Transcribe the listing verbatim. Do not carry over any pictures.
= = = =
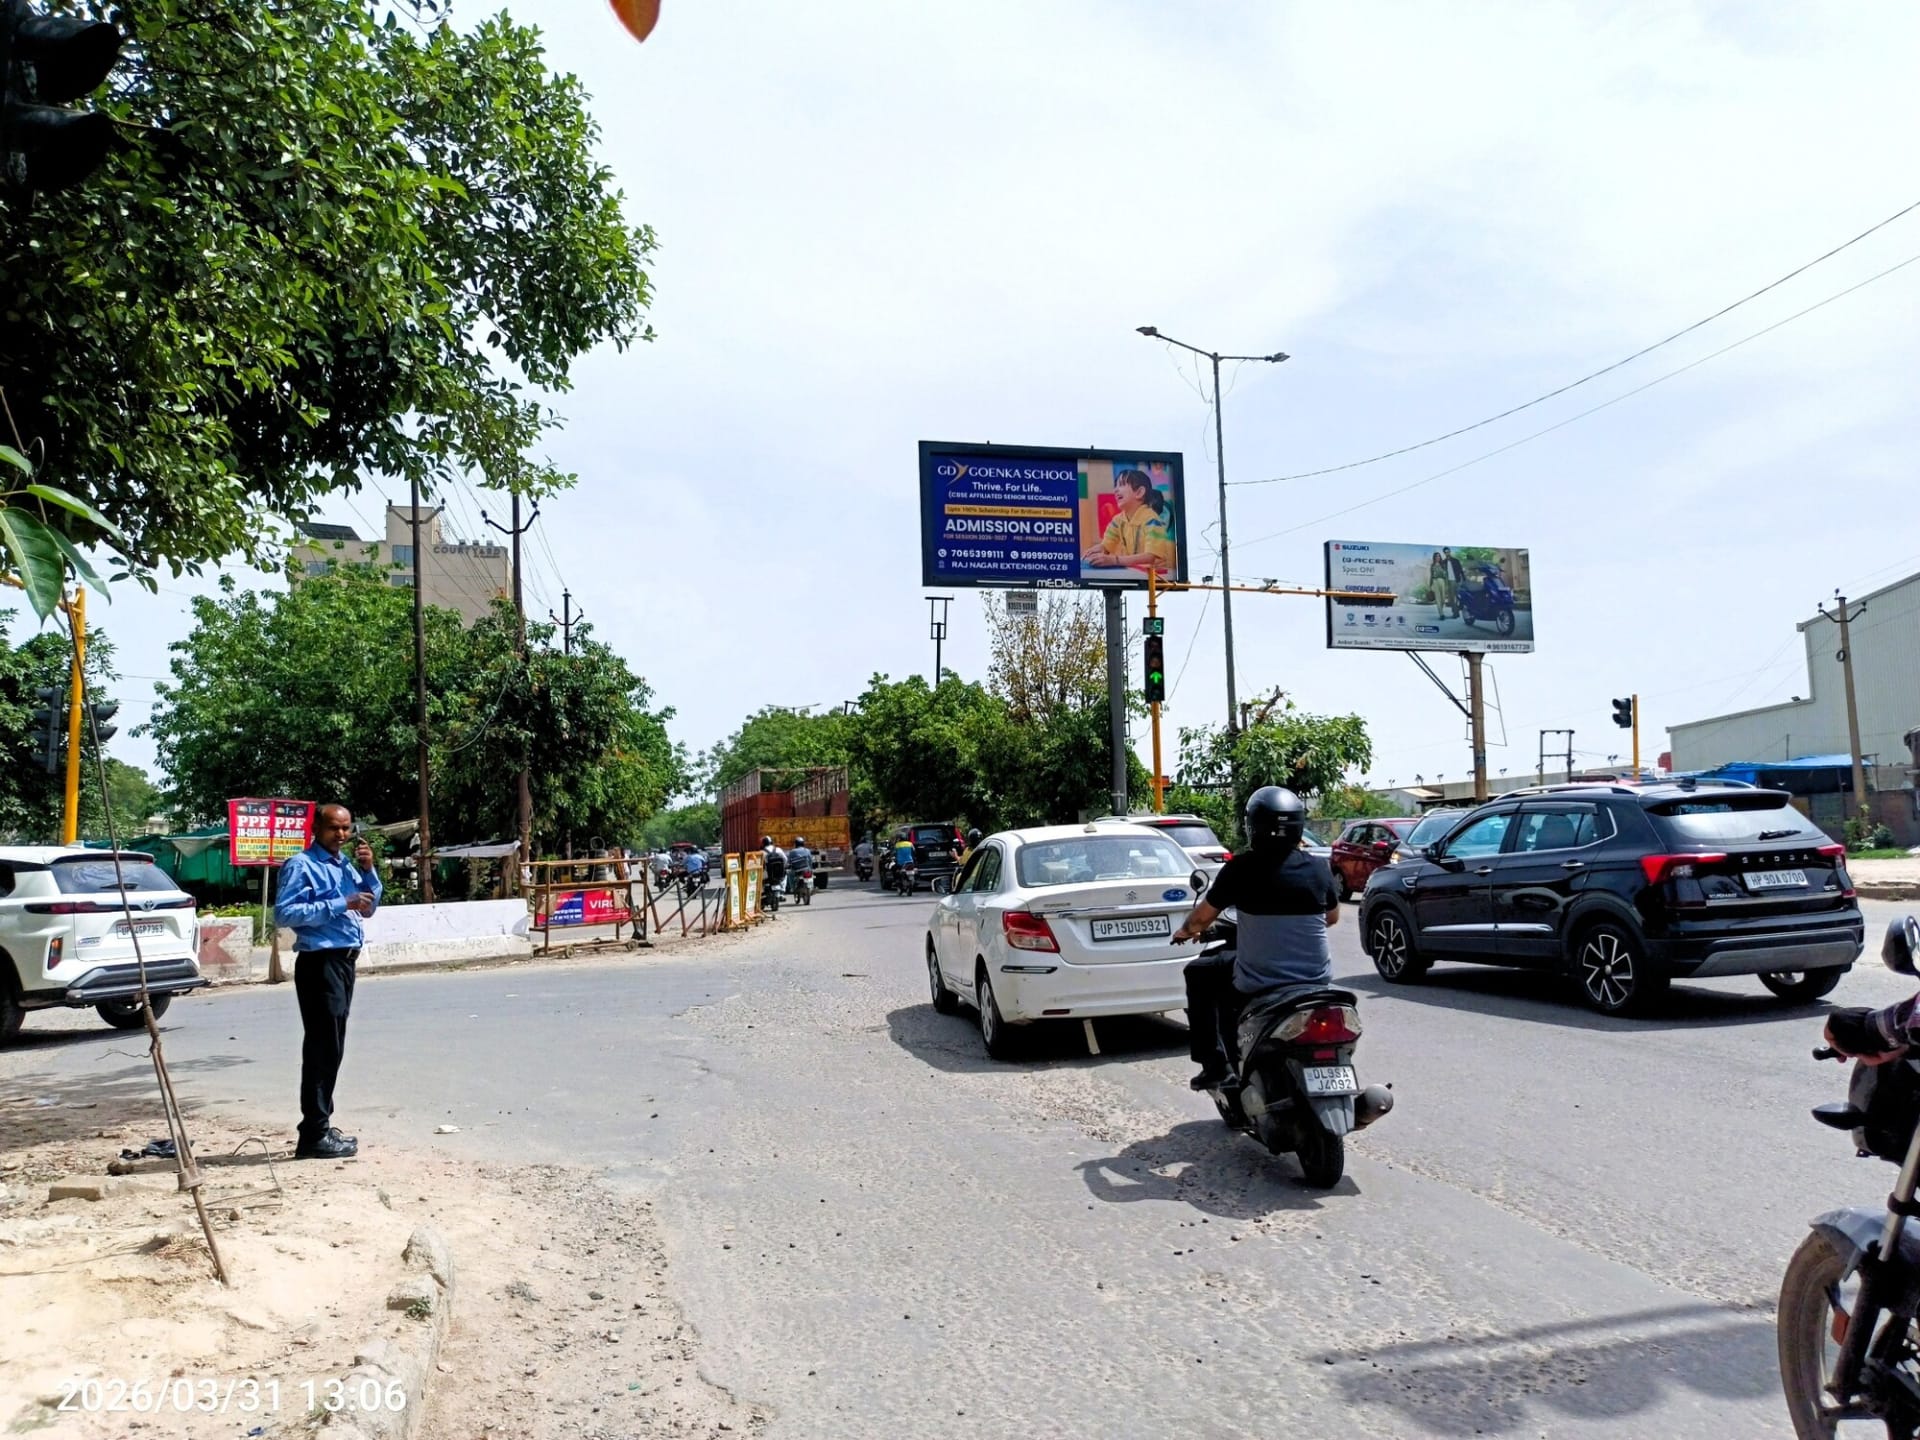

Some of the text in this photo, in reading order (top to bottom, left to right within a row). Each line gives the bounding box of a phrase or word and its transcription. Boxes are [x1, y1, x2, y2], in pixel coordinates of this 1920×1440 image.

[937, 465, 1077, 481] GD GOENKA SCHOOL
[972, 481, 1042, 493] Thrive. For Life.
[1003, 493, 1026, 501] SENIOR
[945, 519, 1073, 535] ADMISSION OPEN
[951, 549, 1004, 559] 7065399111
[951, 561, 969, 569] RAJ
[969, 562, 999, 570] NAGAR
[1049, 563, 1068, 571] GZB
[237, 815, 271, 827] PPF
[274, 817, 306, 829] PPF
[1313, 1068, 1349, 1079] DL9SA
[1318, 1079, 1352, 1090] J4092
= = = =
> **Written response**:
Some of the text in this photo, in reading order (top to bottom, left to right within a row). Each line gives the bounding box of a phrase or word and its transcription. Boxes are [x1, y1, x2, y2], in pixel coordinates of this 1920×1440 image.

[937, 465, 1077, 481] GD GOENKA SCHOOL
[972, 481, 1042, 493] Thrive. For Life.
[1003, 493, 1026, 501] SENIOR
[945, 519, 1073, 535] ADMISSION OPEN
[951, 549, 1004, 559] 7065399111
[951, 561, 969, 569] RAJ
[969, 562, 999, 570] NAGAR
[1049, 563, 1068, 571] GZB
[237, 815, 271, 827] PPF
[274, 817, 306, 829] PPF
[1313, 1068, 1349, 1079] DL9SA
[1318, 1079, 1352, 1090] J4092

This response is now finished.